With the fight for the League now over nobody up at Dalymount Park needs to be reminded of just how important Sunday's Harp Lager FAI Cup semi-final against Bray is for Bohemians.
A place in Europe next season is all but guaranteed for Roddy Collins's side at this stage but after such a strong campaign that would scarcely look like much of a haul.
It is certainly not something that Kevin Hunt wants to have to settle for at this stage. Having arrived at the club from Singapore halfway through last season's relegation battle the 24-year-old Englishman has acquired a taste for life at the right end of the table and has gotten used to thinking in terms of winning the first honour of his career here.
"It's not something that we would have thought much about when everybody got together for the first time last summer," he admits "but by the time we were through the first round of league matches I think people were looking around at the sort of quality we had and thinking `well, there's no reason really why we should be going for the title'." Now, of course, the priorities have shifted and Hunt reckons that it's all up for grabs in the Cup this weekend.
"Normally you expect to still be in it up until the last match with the sort of record we have in the league but you can't argue with the fact that Shelbourne lost one all season. This is different though. Bray will be very tough opposition but it's all we have left now and we're really determined to make it to the final."
If the Dubliners do make it to the Cup final then nobody will have done more to earn the big day out than the tireless midfielder from Chatham.

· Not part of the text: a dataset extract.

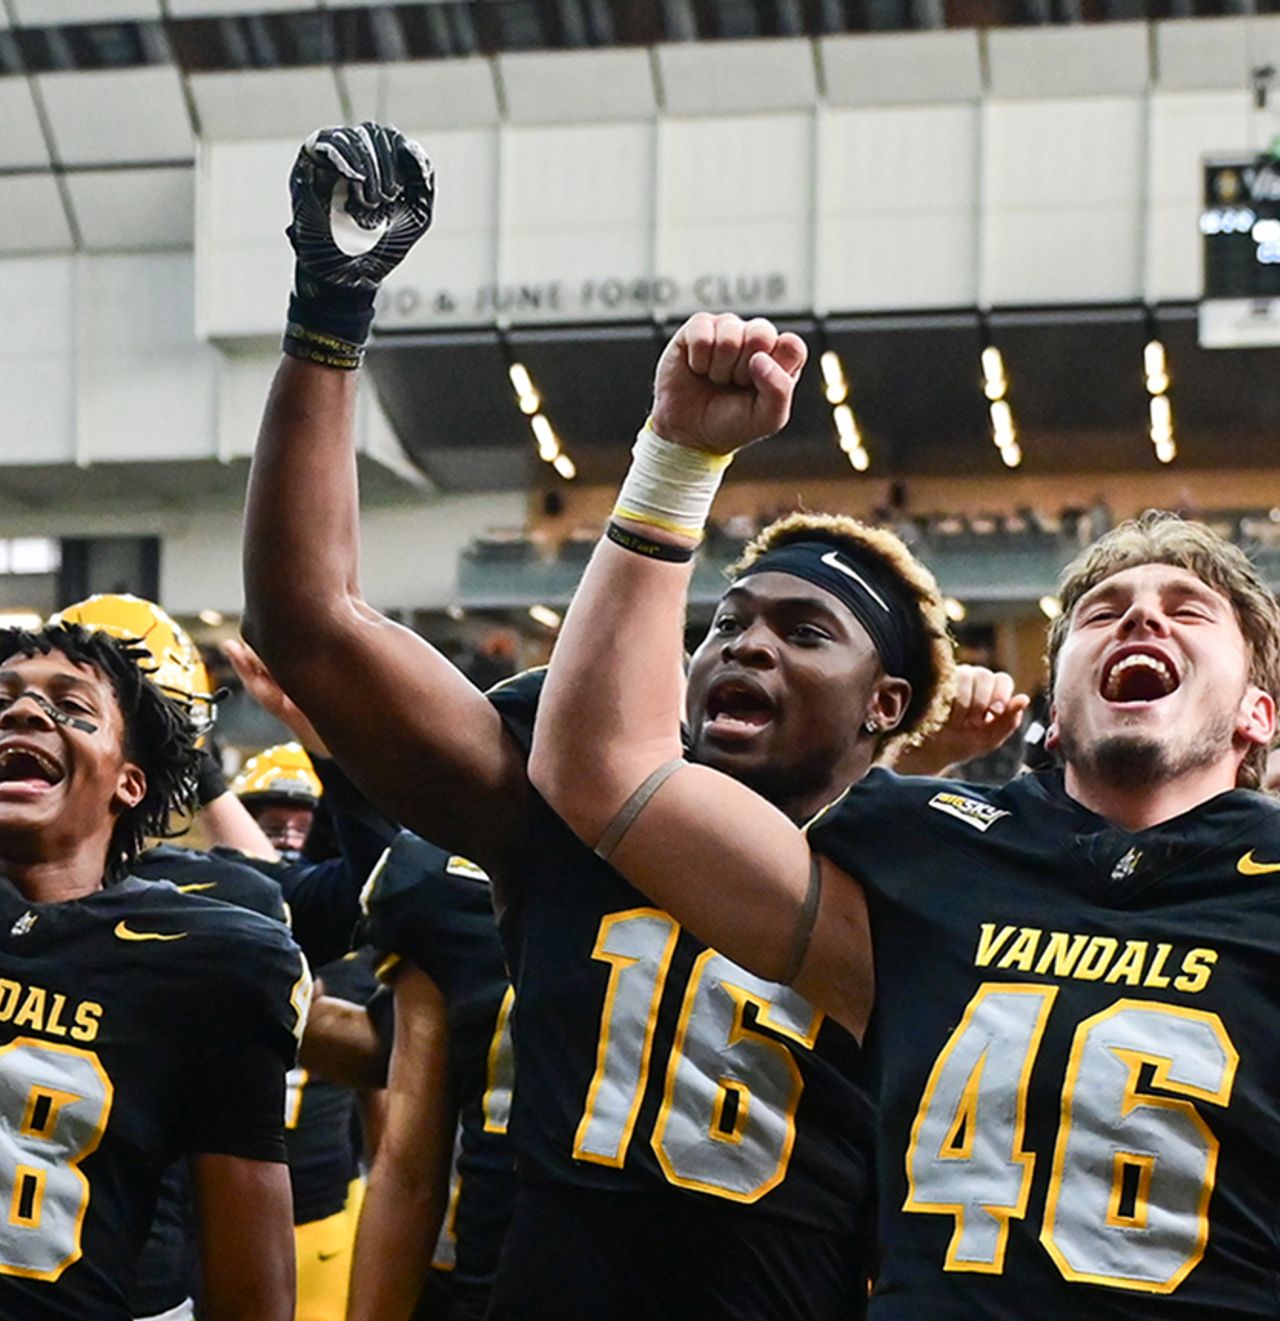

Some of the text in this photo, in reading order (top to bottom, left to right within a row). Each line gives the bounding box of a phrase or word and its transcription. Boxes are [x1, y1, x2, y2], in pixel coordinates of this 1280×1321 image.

[692, 270, 788, 306] CLUB
[973, 921, 1218, 995] VANDALS
[572, 906, 827, 1206] 16
[901, 982, 1239, 1296] 46

Having started his career at Gillingham but left for Hong Kong at just 20 after becoming frustrated by the lack of first team opportunities at the English club, Hunt sounded unlikely to hang around for the long haul when he arrived in Dublin last year.

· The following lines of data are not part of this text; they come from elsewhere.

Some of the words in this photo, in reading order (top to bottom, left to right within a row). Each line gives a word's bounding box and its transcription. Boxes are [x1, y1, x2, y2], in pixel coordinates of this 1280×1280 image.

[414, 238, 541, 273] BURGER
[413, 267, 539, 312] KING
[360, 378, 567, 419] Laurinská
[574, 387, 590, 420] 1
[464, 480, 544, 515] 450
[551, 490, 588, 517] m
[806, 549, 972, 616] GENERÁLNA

After performing solidly throughout the tailend of his first campaign and shone in his second, the midfielder has just agreed a two-year extension to his contract with Bohemians. He and his wife Fay would love to return to Hong Kong some day, he says, but right now both feel that Dublin is the city to be in.
Collins must have been happy to keep him here too for Hunt has shown himself to be a good ball winner, fine passer and energetic worker in the centre of the field, qualities that have just earned him a place in the PFAI's team of the season and qualities that might well prove decisive come Sunday.